I want to provide jupyterhub users with some proprietary modules in jupyter notebooks. However, one can use
import inspect to view the source code. How can I prevent that?
I have seen in Quantopian notebooks that
import inspect is forbidden. How is blocking an import statement like this implemented?
Also, what’s the best way to provide the modules without having an explicit directory in the notebook server of a user? I’d imagine something to do with adding source code to the docker image. I’d appreciate if someone could point me in the right direction.
What you’re looking for is called “obfuscation”.
PyArmor only mentions scripts, not modules: https://pypi.org/project/pyarmor/
PyMinifier also talks about executables: https://liftoff.github.io/pyminifier/
There’s an SO question that goes into your direction:
But you should be aware that there’s no way to stop a determined person from decompiling your Python code, no matter how much you obfuscate it:
Thanks, @rolweber. After going through these links, I better understand how code protection works. I don’t think code obfuscation is worth doing for my case.

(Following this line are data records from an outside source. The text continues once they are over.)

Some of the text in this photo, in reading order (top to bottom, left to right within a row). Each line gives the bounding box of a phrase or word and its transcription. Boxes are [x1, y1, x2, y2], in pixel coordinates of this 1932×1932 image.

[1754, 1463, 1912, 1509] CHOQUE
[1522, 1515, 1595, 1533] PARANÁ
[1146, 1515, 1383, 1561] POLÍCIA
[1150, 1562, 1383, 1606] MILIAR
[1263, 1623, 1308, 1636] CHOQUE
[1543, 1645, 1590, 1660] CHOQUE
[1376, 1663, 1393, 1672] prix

I understand that the source code of the modules and/or models I provide in a jupyterhub notebook can be accessed. I just wanted to limit it’s exposure to the APIs.
Just hit this conundrum, I presume the answer still holds?

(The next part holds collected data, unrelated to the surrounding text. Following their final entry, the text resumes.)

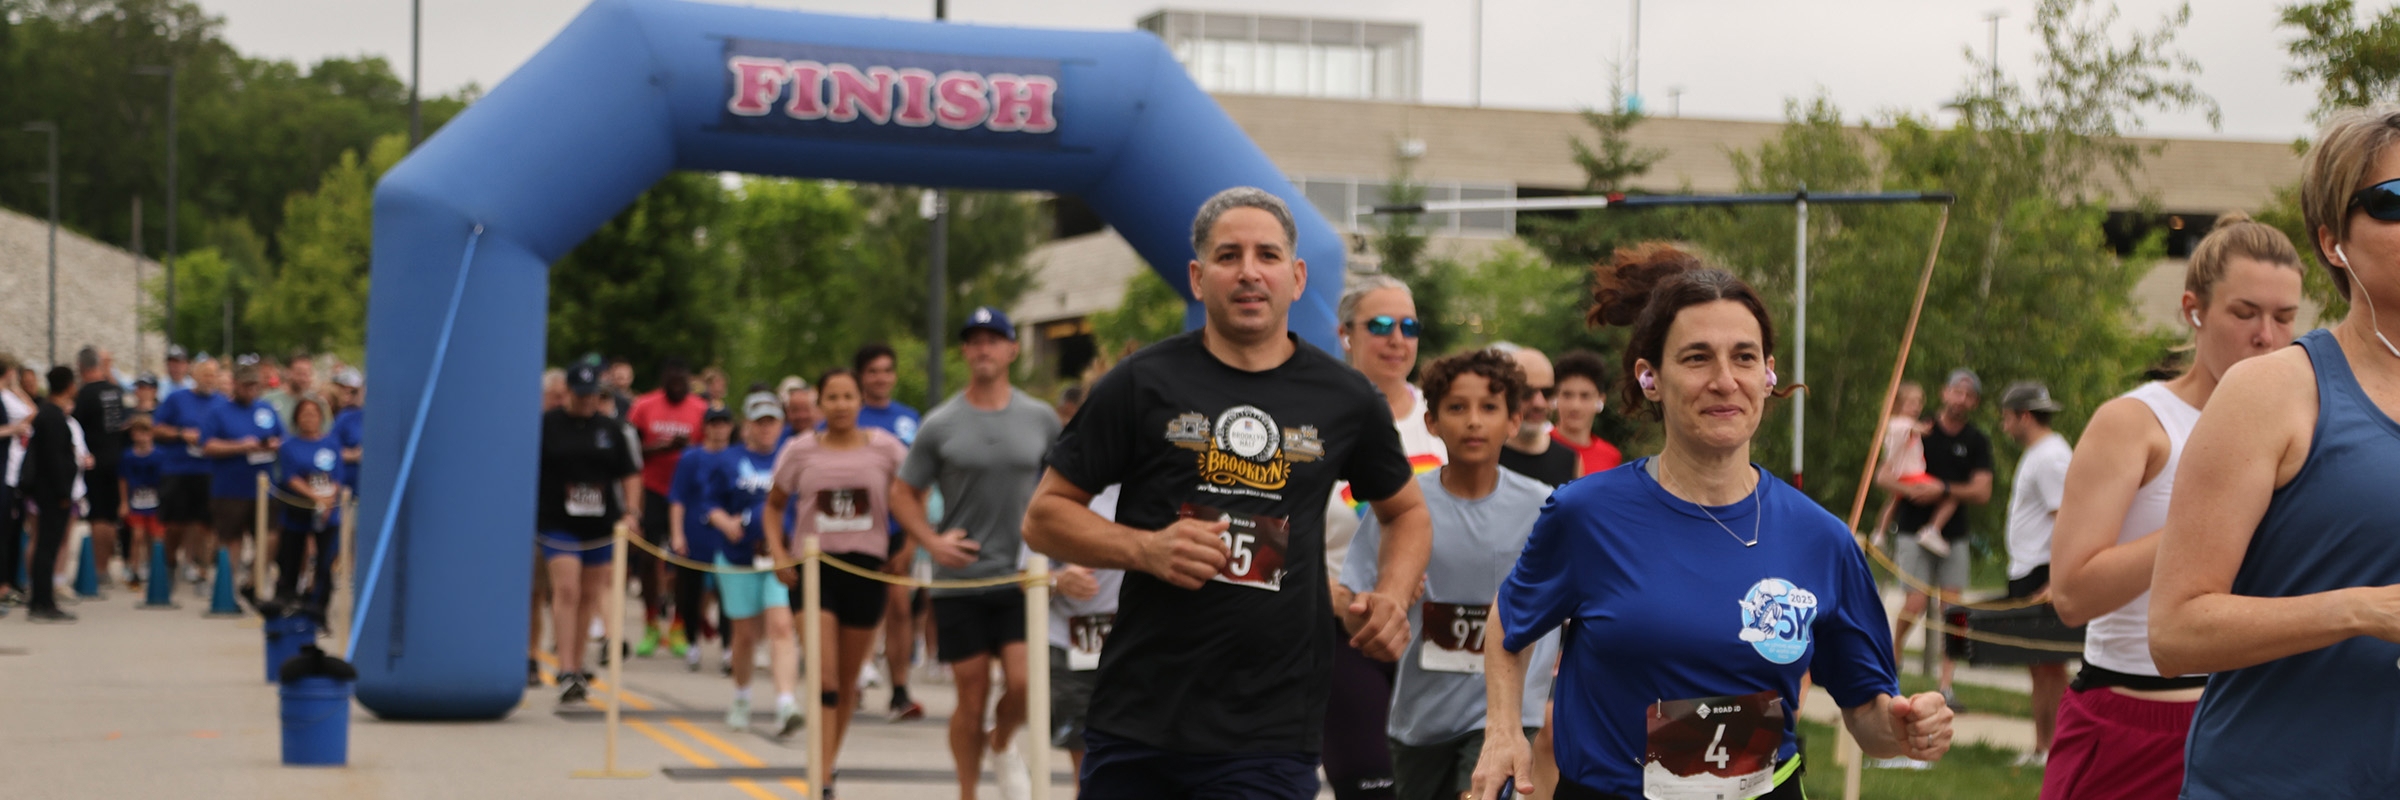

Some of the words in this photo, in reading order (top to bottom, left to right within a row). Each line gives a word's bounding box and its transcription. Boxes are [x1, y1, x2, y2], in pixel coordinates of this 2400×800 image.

[728, 56, 1057, 133] FINISH
[1232, 431, 1266, 441] BROOKLYN
[1240, 439, 1255, 447] HALF
[1207, 450, 1284, 483] BROOKLYN
[1790, 593, 1813, 605] 2025
[1454, 619, 1486, 650] 97
[1713, 706, 1733, 714] ROAD
[1704, 723, 1729, 769] 4

My situation is a custom python package that I don’t really want to give away the secret sauce
As long as python is still python, there just isn’t going to be a good way to obfuscate it. Everything in the SO posts @rolweber posted above still applies:
The only semi-functional option is to rewrite the sensitive parts of your python sources as a C extension.

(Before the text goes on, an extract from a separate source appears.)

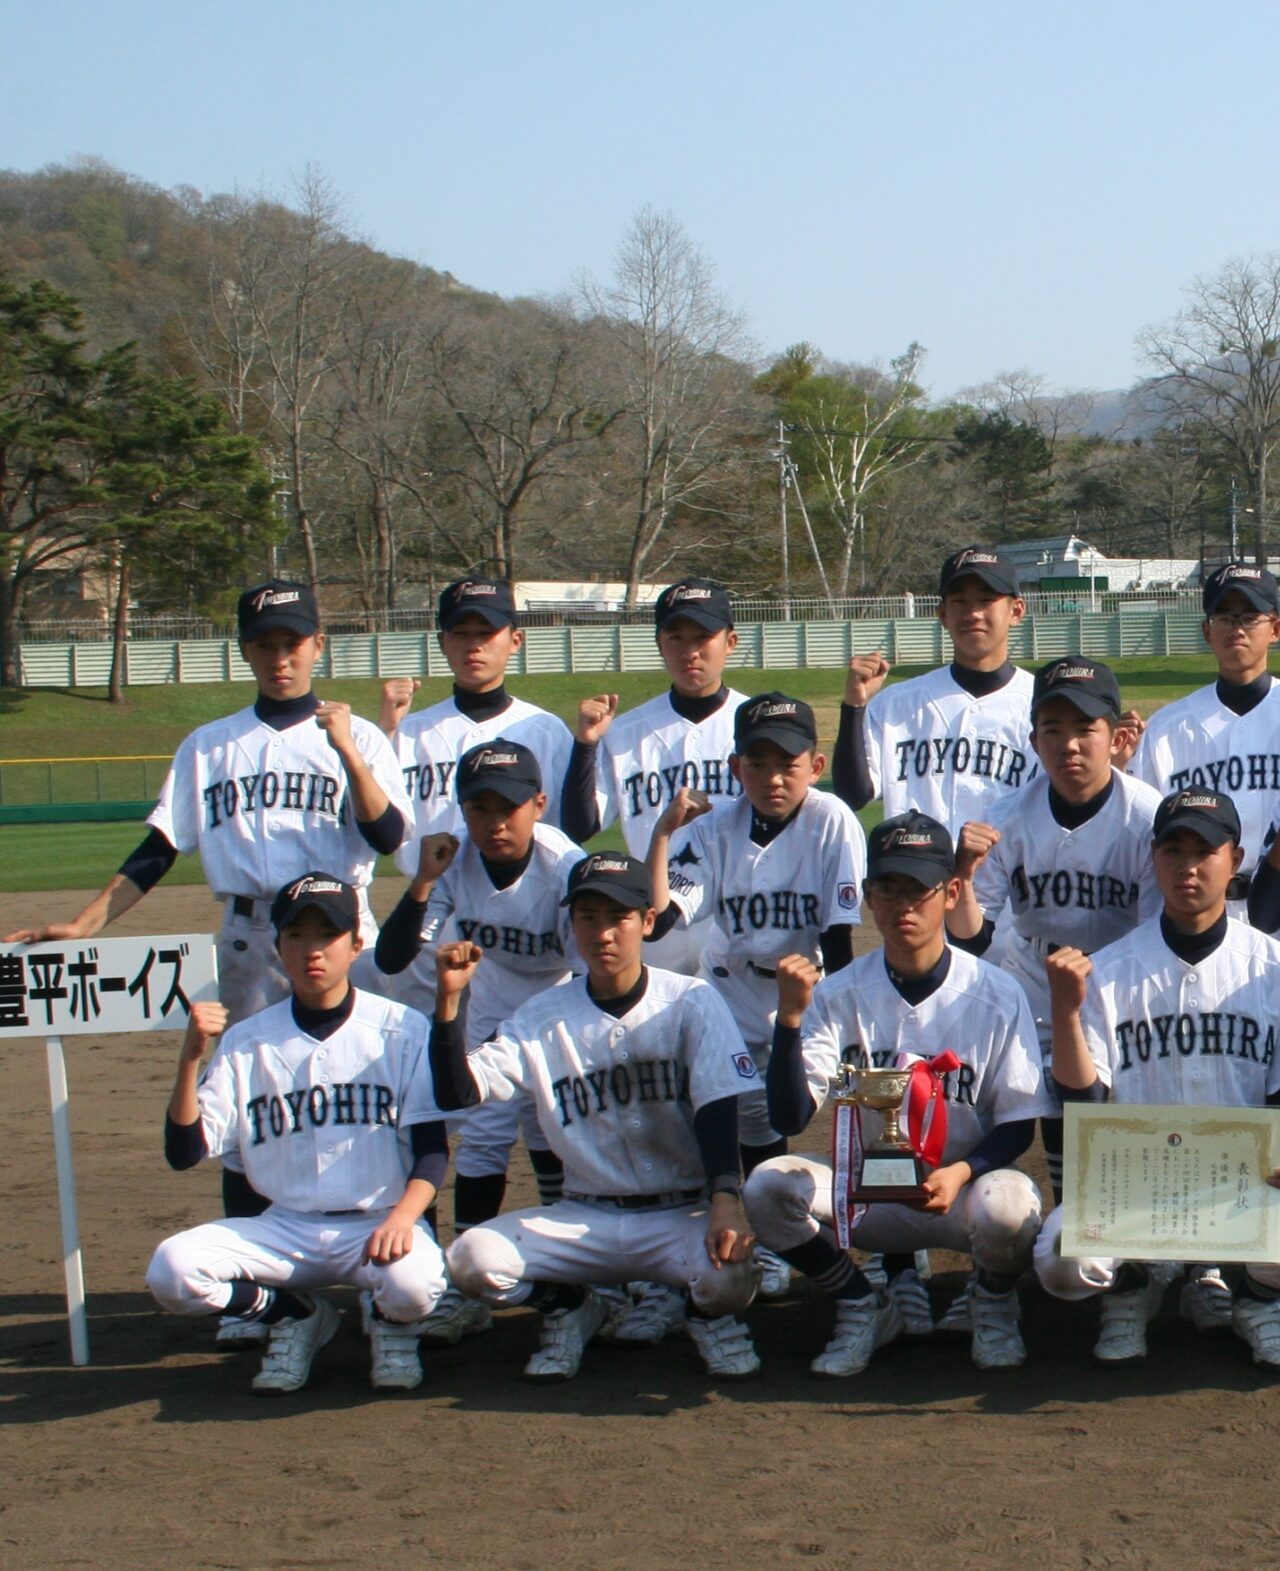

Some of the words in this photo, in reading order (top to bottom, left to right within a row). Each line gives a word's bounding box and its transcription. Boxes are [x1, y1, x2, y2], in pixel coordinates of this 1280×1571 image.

[0, 943, 192, 1028] 豊平ボーイズ
[1116, 1012, 1275, 1071] TOYOHIRA

Better though would be to really question if you need the obfuscation in the first place
Given the “arbitrary code execution is the whole point” nature of Jupyter and Python, this is very hard to do robustly. So it depends a bit on whether you want to make it hard/inconvenient for who you know your users to be, vs truly not technically feasible. If it really is important to you, especially in the context of JupyterHub, I would recommend separating it entirely:
Run your proprietary code somewhere else and talk to it via an API (rest, rpc, mounted socket, whatever). Then your ‘client’ can be accessible, but it’s not super interesting anymore. Data transfer/serialization can be an issue, depending on what your code does, but then the boundaries are at least well understood.